BEGIN Record excerpts
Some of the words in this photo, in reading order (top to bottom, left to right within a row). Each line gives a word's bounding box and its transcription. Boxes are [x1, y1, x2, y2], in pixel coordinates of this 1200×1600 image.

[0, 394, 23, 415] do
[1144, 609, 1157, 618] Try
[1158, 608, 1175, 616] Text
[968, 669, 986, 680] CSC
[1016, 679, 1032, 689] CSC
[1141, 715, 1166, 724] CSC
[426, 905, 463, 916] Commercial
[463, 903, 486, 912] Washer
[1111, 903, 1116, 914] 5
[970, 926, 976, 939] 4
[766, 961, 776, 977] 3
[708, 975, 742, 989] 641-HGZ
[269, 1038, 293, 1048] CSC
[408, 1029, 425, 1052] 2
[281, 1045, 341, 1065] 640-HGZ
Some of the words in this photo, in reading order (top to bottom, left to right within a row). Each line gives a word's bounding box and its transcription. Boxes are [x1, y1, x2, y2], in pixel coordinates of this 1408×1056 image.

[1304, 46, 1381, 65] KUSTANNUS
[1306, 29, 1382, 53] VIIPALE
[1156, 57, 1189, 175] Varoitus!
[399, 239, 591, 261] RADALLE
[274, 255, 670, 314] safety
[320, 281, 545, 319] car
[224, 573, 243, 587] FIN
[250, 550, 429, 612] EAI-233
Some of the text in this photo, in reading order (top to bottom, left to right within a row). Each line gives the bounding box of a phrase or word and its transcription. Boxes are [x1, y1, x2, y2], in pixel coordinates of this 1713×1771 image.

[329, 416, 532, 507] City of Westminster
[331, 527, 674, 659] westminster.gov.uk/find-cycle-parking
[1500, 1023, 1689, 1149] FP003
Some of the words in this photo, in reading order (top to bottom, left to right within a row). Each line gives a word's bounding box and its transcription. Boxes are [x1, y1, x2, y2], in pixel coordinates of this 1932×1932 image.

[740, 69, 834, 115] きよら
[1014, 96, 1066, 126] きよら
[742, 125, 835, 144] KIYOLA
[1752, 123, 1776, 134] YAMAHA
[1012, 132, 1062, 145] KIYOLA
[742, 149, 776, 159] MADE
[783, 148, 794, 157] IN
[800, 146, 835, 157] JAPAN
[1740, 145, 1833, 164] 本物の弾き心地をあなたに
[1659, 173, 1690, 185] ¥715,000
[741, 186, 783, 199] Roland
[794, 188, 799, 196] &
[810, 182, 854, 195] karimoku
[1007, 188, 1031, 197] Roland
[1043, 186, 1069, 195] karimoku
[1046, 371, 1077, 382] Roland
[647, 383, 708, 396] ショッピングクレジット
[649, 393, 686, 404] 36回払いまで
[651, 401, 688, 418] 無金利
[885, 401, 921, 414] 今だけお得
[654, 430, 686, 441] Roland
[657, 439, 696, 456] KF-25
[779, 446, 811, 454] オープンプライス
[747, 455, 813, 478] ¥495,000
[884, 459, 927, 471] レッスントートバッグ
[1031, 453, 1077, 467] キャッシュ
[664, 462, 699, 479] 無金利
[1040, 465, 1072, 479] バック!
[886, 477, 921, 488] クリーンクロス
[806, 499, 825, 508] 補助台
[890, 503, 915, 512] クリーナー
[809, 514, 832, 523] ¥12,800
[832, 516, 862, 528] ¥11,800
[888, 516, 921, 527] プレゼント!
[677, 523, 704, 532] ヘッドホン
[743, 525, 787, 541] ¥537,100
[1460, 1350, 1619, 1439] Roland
END Record excerpts
Task instructions: The entries above need to be repeated in full, exactly as written.

Answer below:
Some of the words in this photo, in reading order (top to bottom, left to right within a row). Each line gives a word's bounding box and its transcription. Boxes are [x1, y1, x2, y2], in pixel coordinates of this 1200×1600 image.

[0, 394, 23, 415] do
[1144, 609, 1157, 618] Try
[1158, 608, 1175, 616] Text
[968, 669, 986, 680] CSC
[1016, 679, 1032, 689] CSC
[1141, 715, 1166, 724] CSC
[426, 905, 463, 916] Commercial
[463, 903, 486, 912] Washer
[1111, 903, 1116, 914] 5
[970, 926, 976, 939] 4
[766, 961, 776, 977] 3
[708, 975, 742, 989] 641-HGZ
[269, 1038, 293, 1048] CSC
[408, 1029, 425, 1052] 2
[281, 1045, 341, 1065] 640-HGZ
Some of the words in this photo, in reading order (top to bottom, left to right within a row). Each line gives a word's bounding box and its transcription. Boxes are [x1, y1, x2, y2], in pixel coordinates of this 1408×1056 image.

[1304, 46, 1381, 65] KUSTANNUS
[1306, 29, 1382, 53] VIIPALE
[1156, 57, 1189, 175] Varoitus!
[399, 239, 591, 261] RADALLE
[274, 255, 670, 314] safety
[320, 281, 545, 319] car
[224, 573, 243, 587] FIN
[250, 550, 429, 612] EAI-233
Some of the text in this photo, in reading order (top to bottom, left to right within a row). Each line gives the bounding box of a phrase or word and its transcription. Boxes are [x1, y1, x2, y2], in pixel coordinates of this 1713×1771 image.

[329, 416, 532, 507] City of Westminster
[331, 527, 674, 659] westminster.gov.uk/find-cycle-parking
[1500, 1023, 1689, 1149] FP003
Some of the words in this photo, in reading order (top to bottom, left to right within a row). Each line gives a word's bounding box and its transcription. Boxes are [x1, y1, x2, y2], in pixel coordinates of this 1932×1932 image.

[740, 69, 834, 115] きよら
[1014, 96, 1066, 126] きよら
[742, 125, 835, 144] KIYOLA
[1752, 123, 1776, 134] YAMAHA
[1012, 132, 1062, 145] KIYOLA
[742, 149, 776, 159] MADE
[783, 148, 794, 157] IN
[800, 146, 835, 157] JAPAN
[1740, 145, 1833, 164] 本物の弾き心地をあなたに
[1659, 173, 1690, 185] ¥715,000
[741, 186, 783, 199] Roland
[794, 188, 799, 196] &
[810, 182, 854, 195] karimoku
[1007, 188, 1031, 197] Roland
[1043, 186, 1069, 195] karimoku
[1046, 371, 1077, 382] Roland
[647, 383, 708, 396] ショッピングクレジット
[649, 393, 686, 404] 36回払いまで
[651, 401, 688, 418] 無金利
[885, 401, 921, 414] 今だけお得
[654, 430, 686, 441] Roland
[657, 439, 696, 456] KF-25
[779, 446, 811, 454] オープンプライス
[747, 455, 813, 478] ¥495,000
[884, 459, 927, 471] レッスントートバッグ
[1031, 453, 1077, 467] キャッシュ
[664, 462, 699, 479] 無金利
[1040, 465, 1072, 479] バック!
[886, 477, 921, 488] クリーンクロス
[806, 499, 825, 508] 補助台
[890, 503, 915, 512] クリーナー
[809, 514, 832, 523] ¥12,800
[832, 516, 862, 528] ¥11,800
[888, 516, 921, 527] プレゼント!
[677, 523, 704, 532] ヘッドホン
[743, 525, 787, 541] ¥537,100
[1460, 1350, 1619, 1439] Roland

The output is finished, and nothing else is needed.